Creating accessible social media content shares a lot of good practice with creating accessible content in other forms, but there are additional things to think about when publishing content to social media platforms.
This fundamentals guide is a quick reference tool to share six core considerations when creating accessible social media content. Keep these on hand when writing your own content, share these with colleagues, or even embed them into social media policies at your organisation.

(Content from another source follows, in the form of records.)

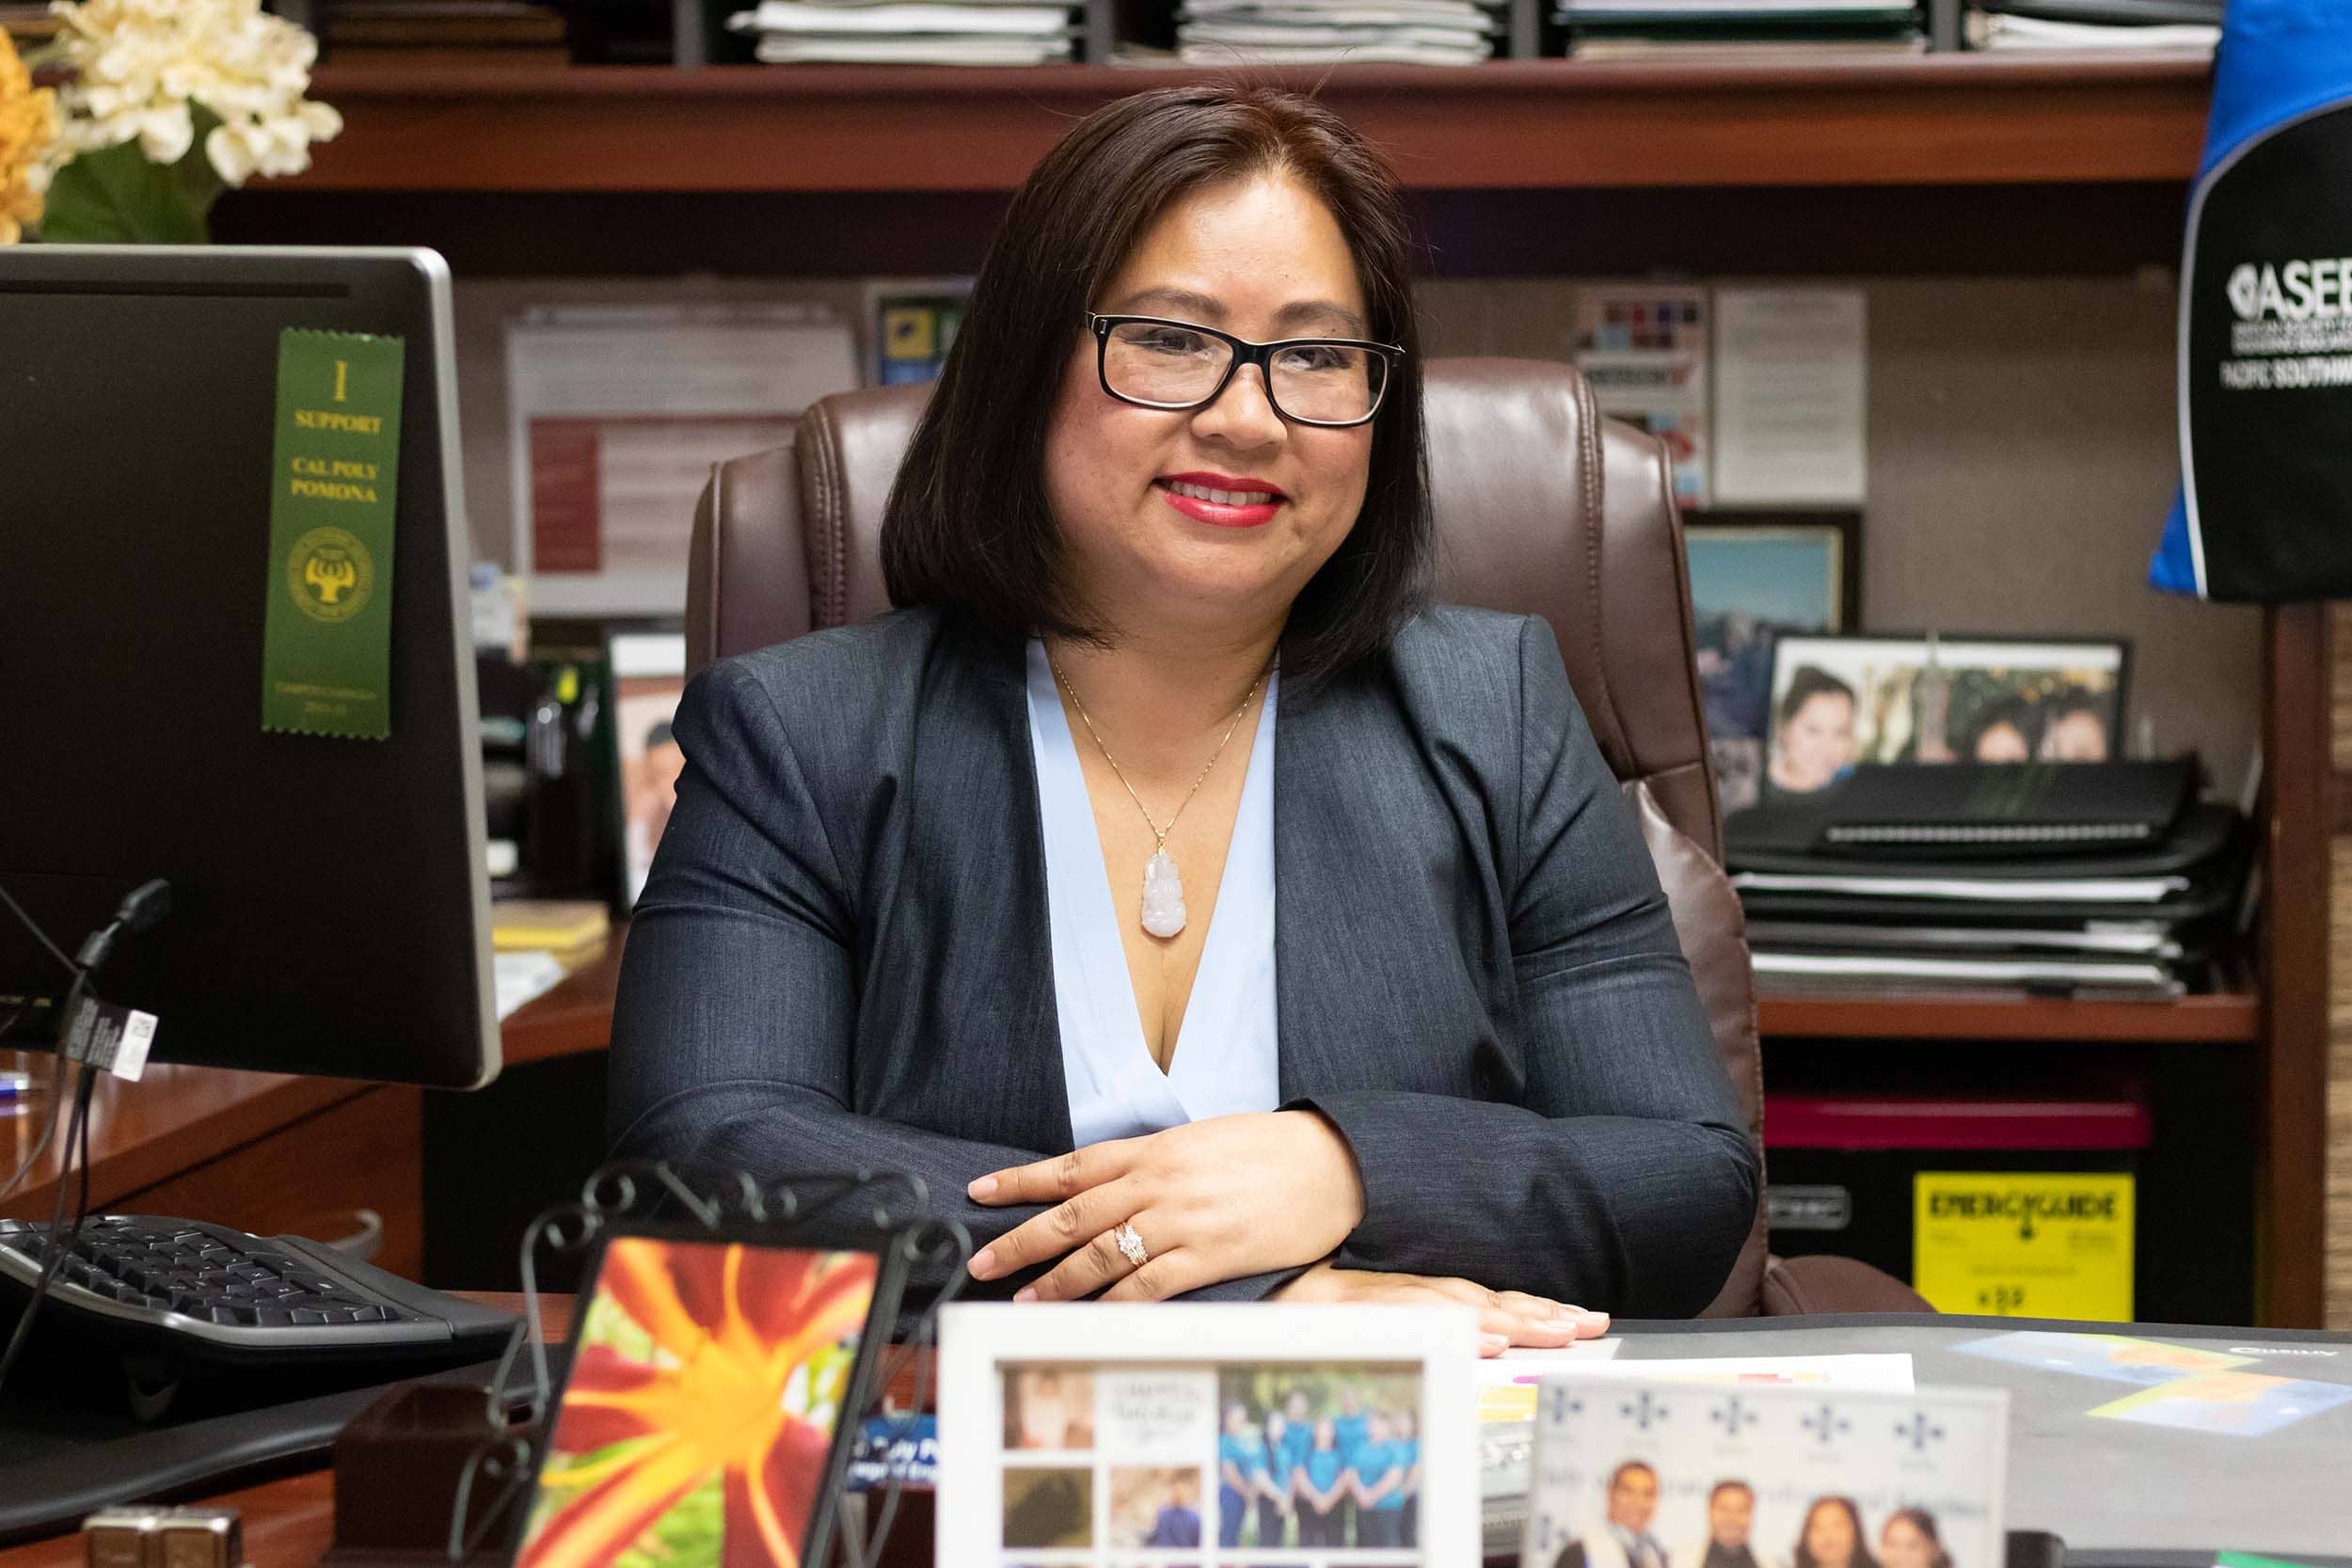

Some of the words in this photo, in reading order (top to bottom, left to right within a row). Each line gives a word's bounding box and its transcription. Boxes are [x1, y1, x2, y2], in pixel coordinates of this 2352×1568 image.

[335, 360, 346, 402] I
[294, 409, 382, 436] SUPPORT
[291, 456, 327, 476] CAL
[332, 460, 376, 481] POLY
[291, 479, 376, 502] POMONA

We also have other useful resources including:
- Accessible social media creation and posting checklists
- Social media, regulations and your responsibilities
Download these fundamentals as a Word template.
1. Write in plain English
Consider your writing style and how it might be experienced by those with dyslexia or other learning difficulties. The aim of writing in plain English is to make your content clear and concise. The Make Things Accessible: Plain English tip sheet is a useful resource for guidance on how to make your writing more accessible.

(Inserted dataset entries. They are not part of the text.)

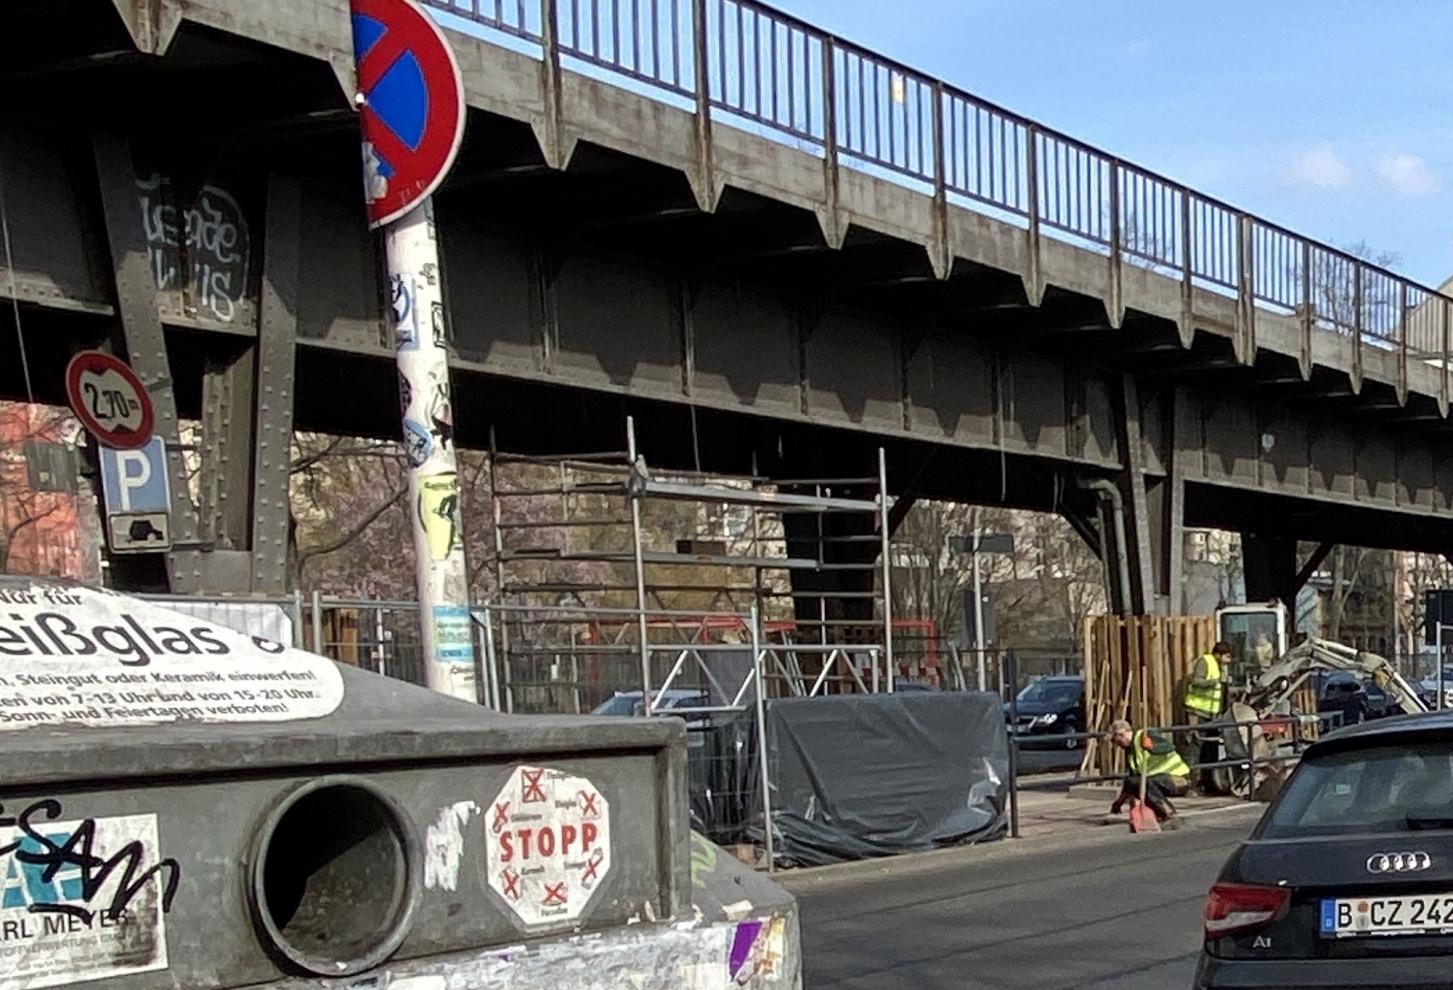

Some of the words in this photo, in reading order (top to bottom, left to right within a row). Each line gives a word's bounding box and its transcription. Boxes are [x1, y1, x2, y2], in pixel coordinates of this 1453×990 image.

[116, 450, 151, 511] P
[0, 612, 230, 667] eißglas
[15, 673, 102, 687] Steingut
[106, 673, 147, 684] oder
[151, 671, 225, 683] Keramik
[228, 669, 318, 682] einwerfen!
[31, 694, 70, 706] von
[119, 691, 149, 703] Uhr
[197, 689, 232, 701] von
[233, 688, 282, 700] 15-20
[63, 706, 101, 719] und
[104, 704, 203, 720] Feiertagen
[206, 702, 288, 714] verboten!
[499, 822, 598, 862] STOPP
[1338, 903, 1352, 928] B
[1371, 901, 1403, 926] CZ
[0, 918, 34, 940] RL
[1252, 935, 1272, 948] A1

2. Choose a clear font and size
Sans serif fonts (Arial, Calibri, Verdana) are easier to read than serif fonts, and the font size should be clear and big enough for the format you are using.

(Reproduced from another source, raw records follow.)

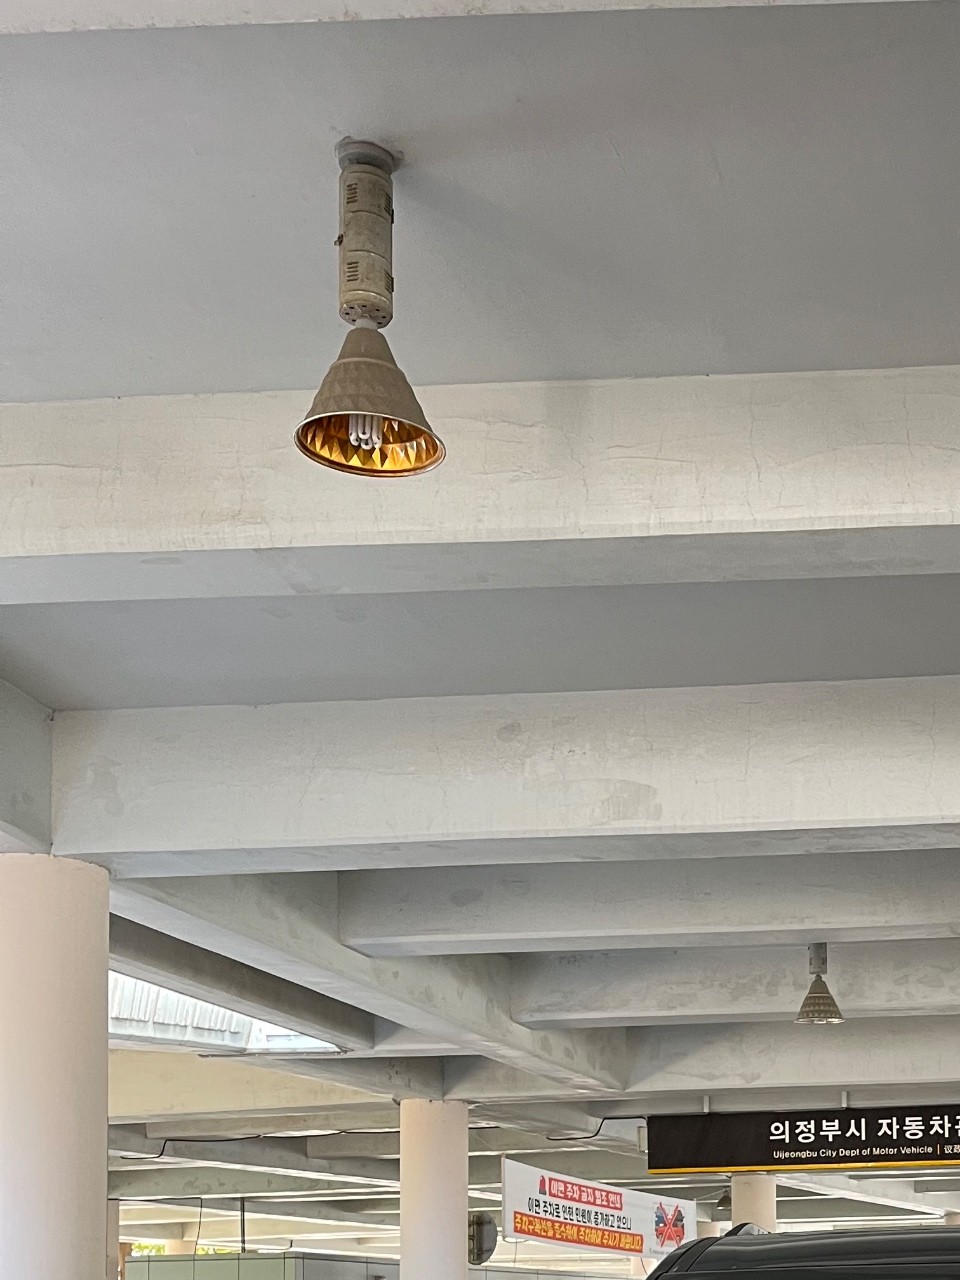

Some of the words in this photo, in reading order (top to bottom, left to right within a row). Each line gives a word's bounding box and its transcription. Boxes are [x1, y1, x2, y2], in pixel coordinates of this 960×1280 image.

[769, 1118, 867, 1144] 의정부시
[773, 1149, 818, 1160] Uijeongbu
[819, 1147, 838, 1159] City
[839, 1147, 860, 1159] Dept
[861, 1147, 871, 1157] of
[872, 1145, 898, 1156] Motor
[899, 1144, 934, 1155] Vehicle
[566, 1183, 580, 1200] 주차

If you want to emphasize text use bold rather than underlining or italics. This is because underlining is often used for hyperlinks and italics are more difficult to read.
3. Tell your audience where links are taking them
You need to contextualise your links to help those using screen readers where possible. Avoid using the URL itself, however, if you can’t, tell your audience where the link is going. For example: BBC News homepage www.bbc.co.uk/news.
4. Check the colour contrast between the text and background
Use a colour contrast checker to make sure the contrast is high enough at 4.5:1 for normal text and 3:1 for large text:
Avoid green/red, blue/purple and light green/yellow as these colour combinations are problematic for people with colour vision deficiencies. Do not use colour alone to convey meaning, and always include a secondary characteristic as an indicator.
5. Write clear and meaningful alternative text for images
If your content includes images, you need to include some text explaining what they are showing, this is called ‘alt text’ (or alternative text). The important thing to remember is to provide the context that you want the image to convey. The Make Things Accessible guides on creating meaningful alt text, alt text for complex images, and race, gender and physical descriptions in alt text are all useful.
6. Include captions and transcripts when sharing videos
Including video and other media in your content can make it much more accessible, but it can present challenges for some users. Provide captions and transcripts, audio descriptions, and descriptions of video images to improve accessibility for users.